LISTED ENTRIES:
:::

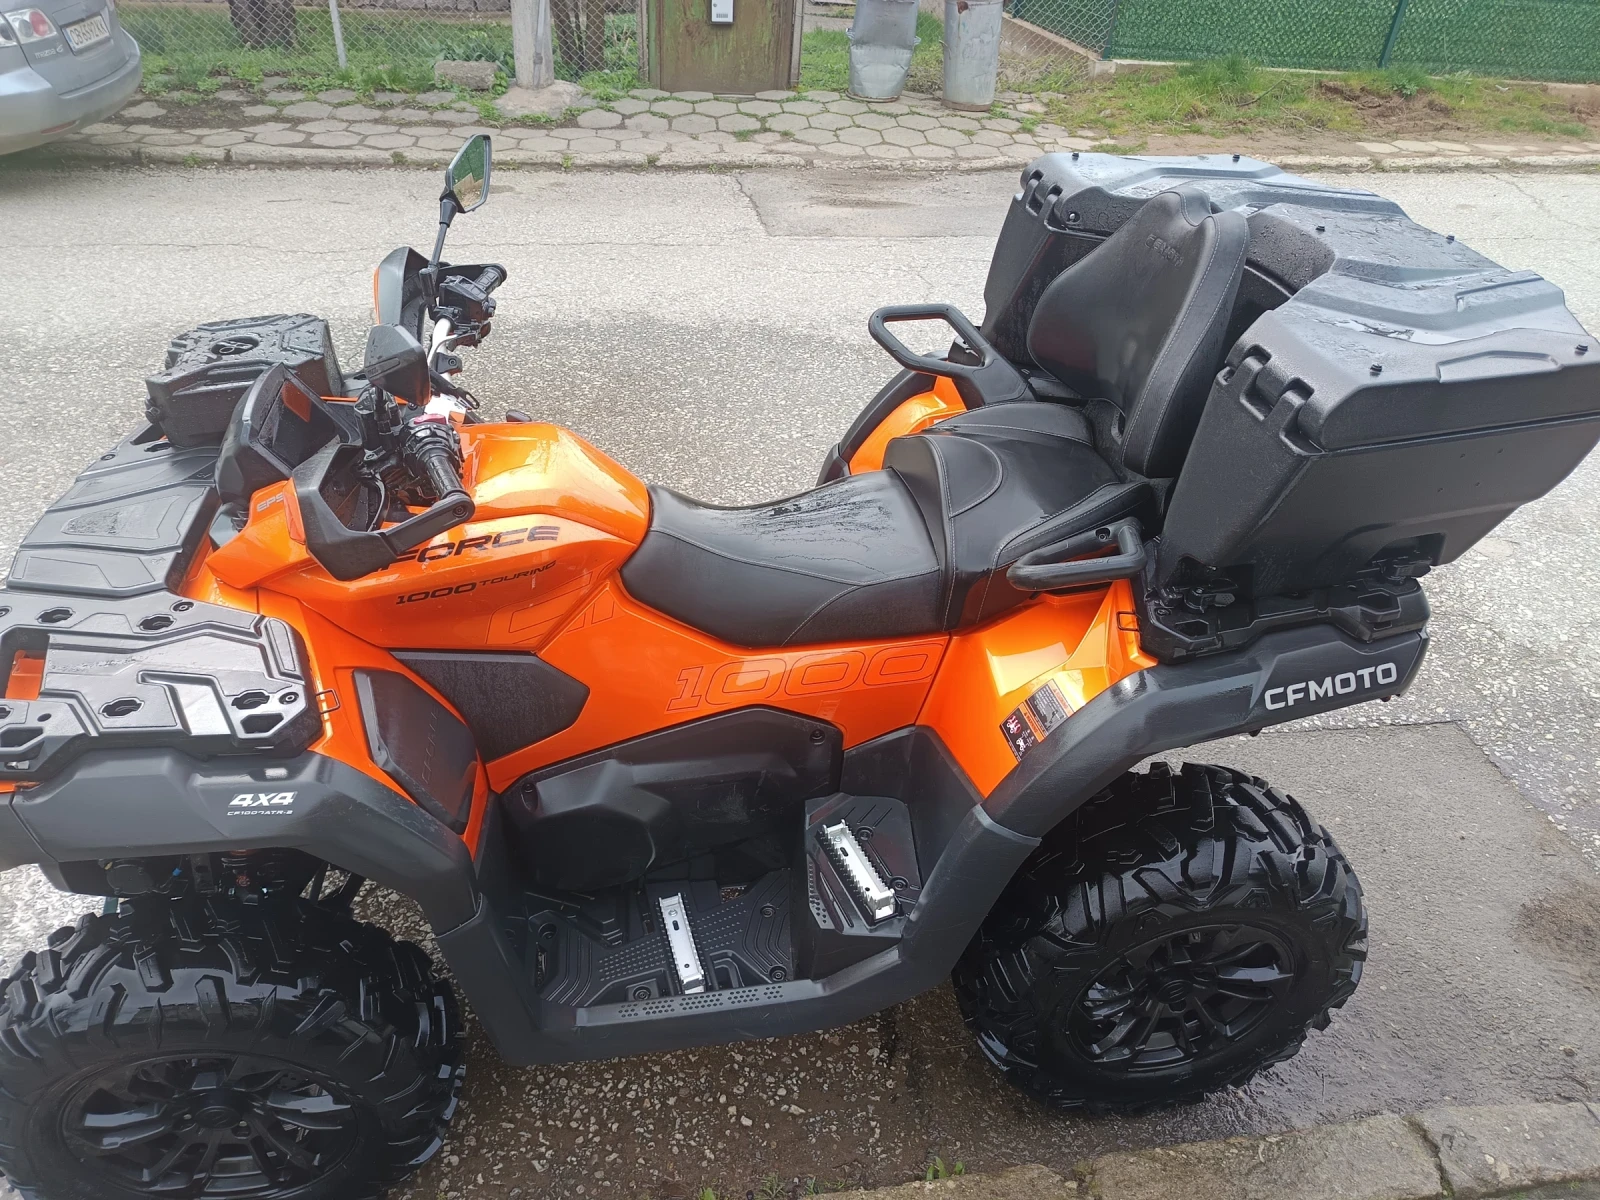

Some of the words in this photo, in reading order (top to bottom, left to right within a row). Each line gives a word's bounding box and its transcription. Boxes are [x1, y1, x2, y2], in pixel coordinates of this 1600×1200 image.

[396, 582, 477, 605] 1000
[479, 560, 556, 586] TOURING
[666, 643, 944, 711] 1000
[1264, 662, 1398, 711] CFMOTO

:::

WHAT TO DO:
Without the images, print all of the lines above exactly.

ANSWER TO THIS TASK:
Some of the words in this photo, in reading order (top to bottom, left to right within a row). Each line gives a word's bounding box and its transcription. Boxes are [x1, y1, x2, y2], in pixel coordinates of this 1600×1200 image.

[396, 582, 477, 605] 1000
[479, 560, 556, 586] TOURING
[666, 643, 944, 711] 1000
[1264, 662, 1398, 711] CFMOTO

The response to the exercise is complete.